The program was created for commanders to nominate Navy personnel ranking E-1 through E-5 in recognition of extraordinary actions performed while engaged in, or in direct support of combat operations; much as a combat meritorious promotion is done for Marines.

During a Feb. 14, 2006 firefight, Thurmond rendered care to a wounded interpreter while under fire with no regard for his own safety. He continued to care for the wounded until the interpreter could be evacuated, recalls Gunnery Sgt. David Lind, Recon platoon sergeant.

“His conduct and efficiency in times when he was needed the most was impressive,” said Lind.

Thurmond, who has been a corpsman for 12 years, has been a special amphibious reconnaissance corpsman for five years.

“The training is very hard and long training.  It usually takes around 18 months or longer to get through all the training,” said Thurmond.

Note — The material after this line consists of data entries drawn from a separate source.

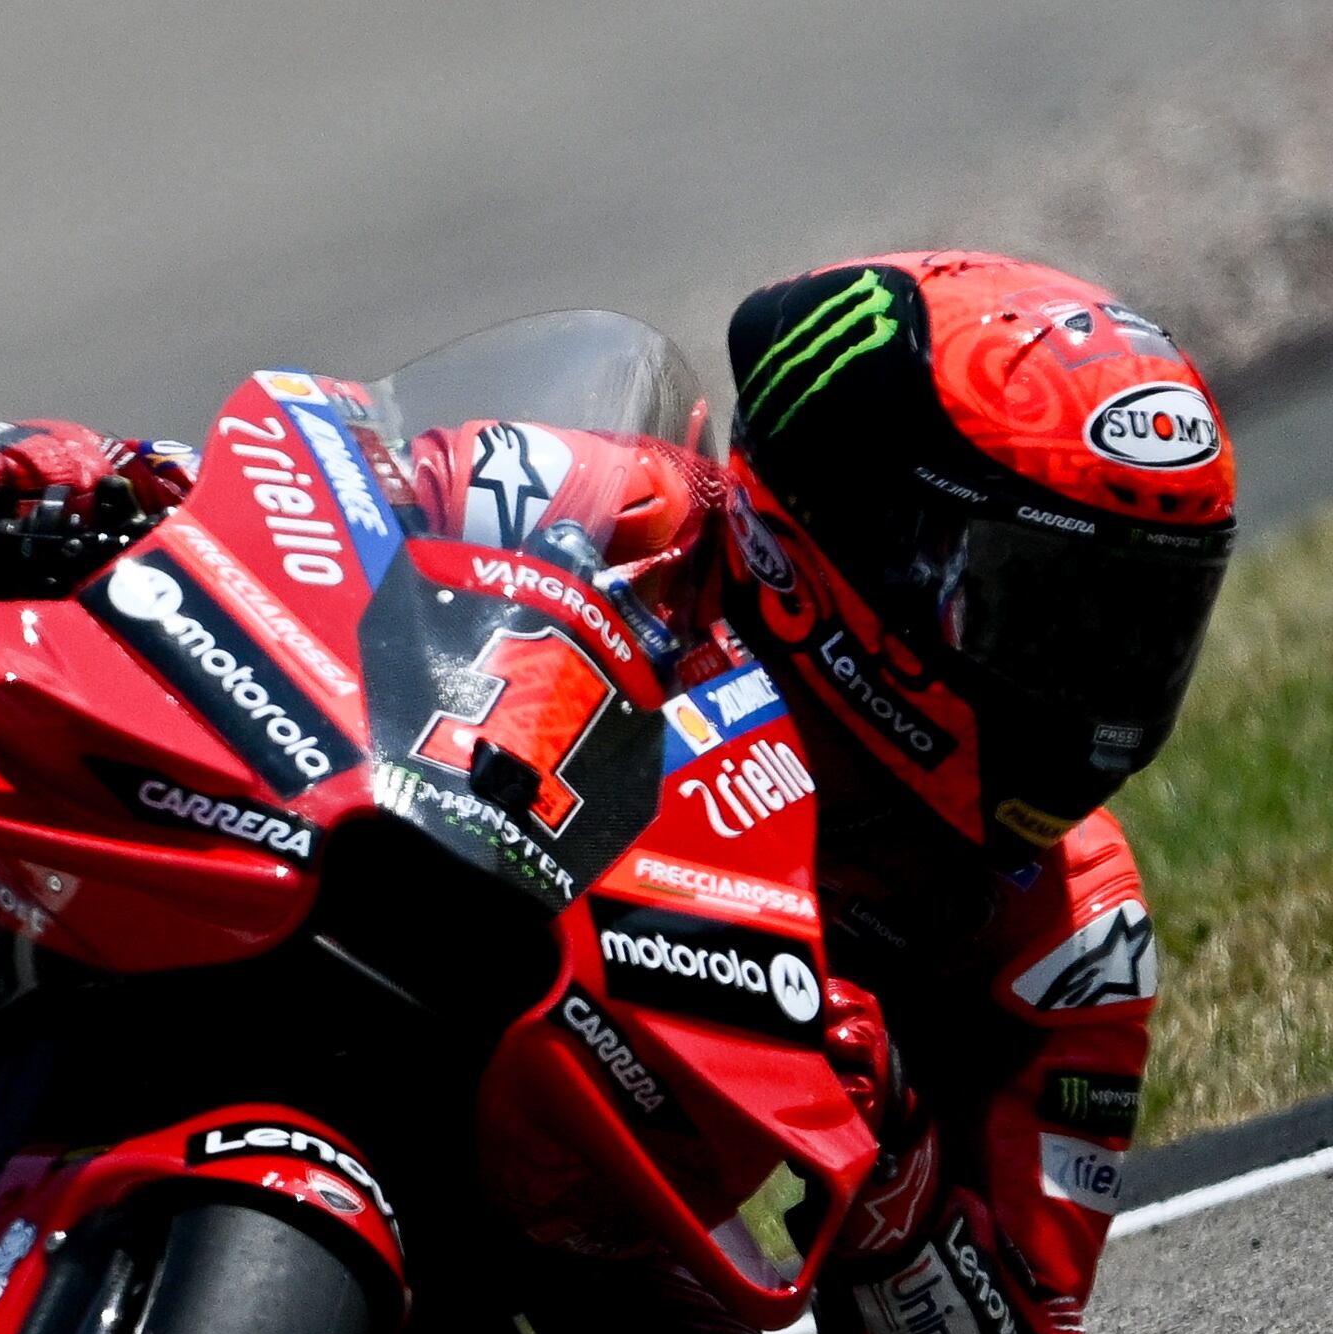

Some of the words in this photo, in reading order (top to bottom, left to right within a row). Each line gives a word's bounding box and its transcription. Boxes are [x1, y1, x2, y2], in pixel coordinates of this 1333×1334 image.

[1104, 408, 1219, 448] SUOMY
[1016, 504, 1097, 537] CARRERA
[171, 522, 361, 697] FRECCIAROSSA
[162, 613, 332, 779] motorola
[409, 627, 618, 839] 1
[819, 630, 934, 753] Lenovo
[139, 779, 312, 858] CARRERA
[635, 857, 817, 919] FRECCIAROSSA
[600, 928, 768, 993] motorola
[562, 994, 667, 1115] CARRERA
[204, 1126, 406, 1258] Lenov
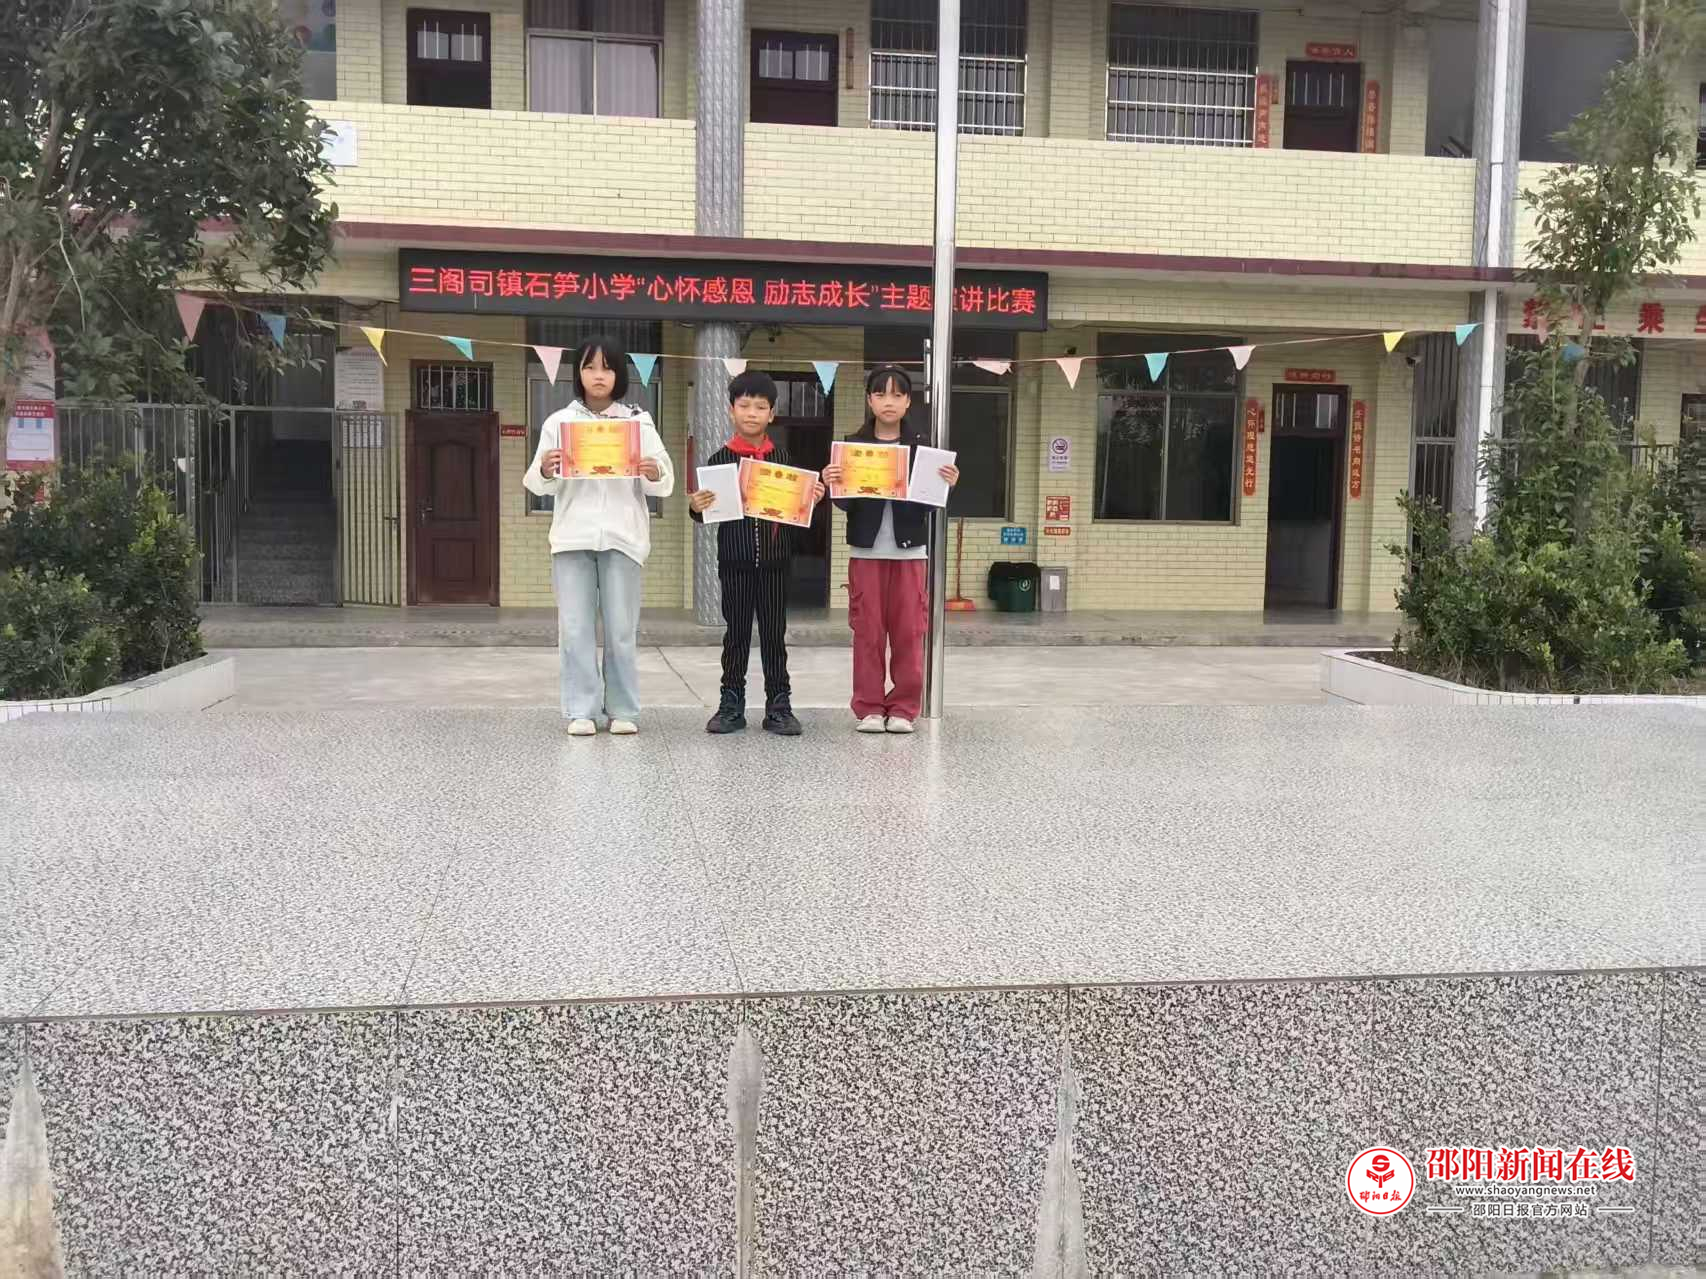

Training to become a SARC begins with Field Medical Service School followed by a Basic Reconnaissance Course, Marine Combatant Diver school and Airborne Basic school. Lastly corpsmen have to complete the Amphibious Reconnaissance Corpsmen Course and the Special Operations Medicine Course to earn the job title of SARC.

“The training given in the courses makes it so that the corpsman in a platoon can perform all basic tasks just as the Marines would,” said Thurmond.

Thurmond’s actions and conduct while in Iraq did not go unnoticed.  Lind and platoon commander Capt. Jason Armas felt Thurmond’s actions should be formally recognized.

“We felt that Thurmond was more than deserving of being recognized for the outstanding service member he is,” said Lind.  “He set the example.”

The confident but humble “Devil Doc” credits his comrades for his success.

“I know that without the leadership and the fellow members of my platoon, I never would have made it this far,” said Thurmond.  “We put our lives on the line for each other and there’s no greater group of guys to be doing it for.”

Thurmond is currently embarked on a Western pacific deployment with Battalion Landing Team 3/1, and the 13th Marine Expeditionary Unit.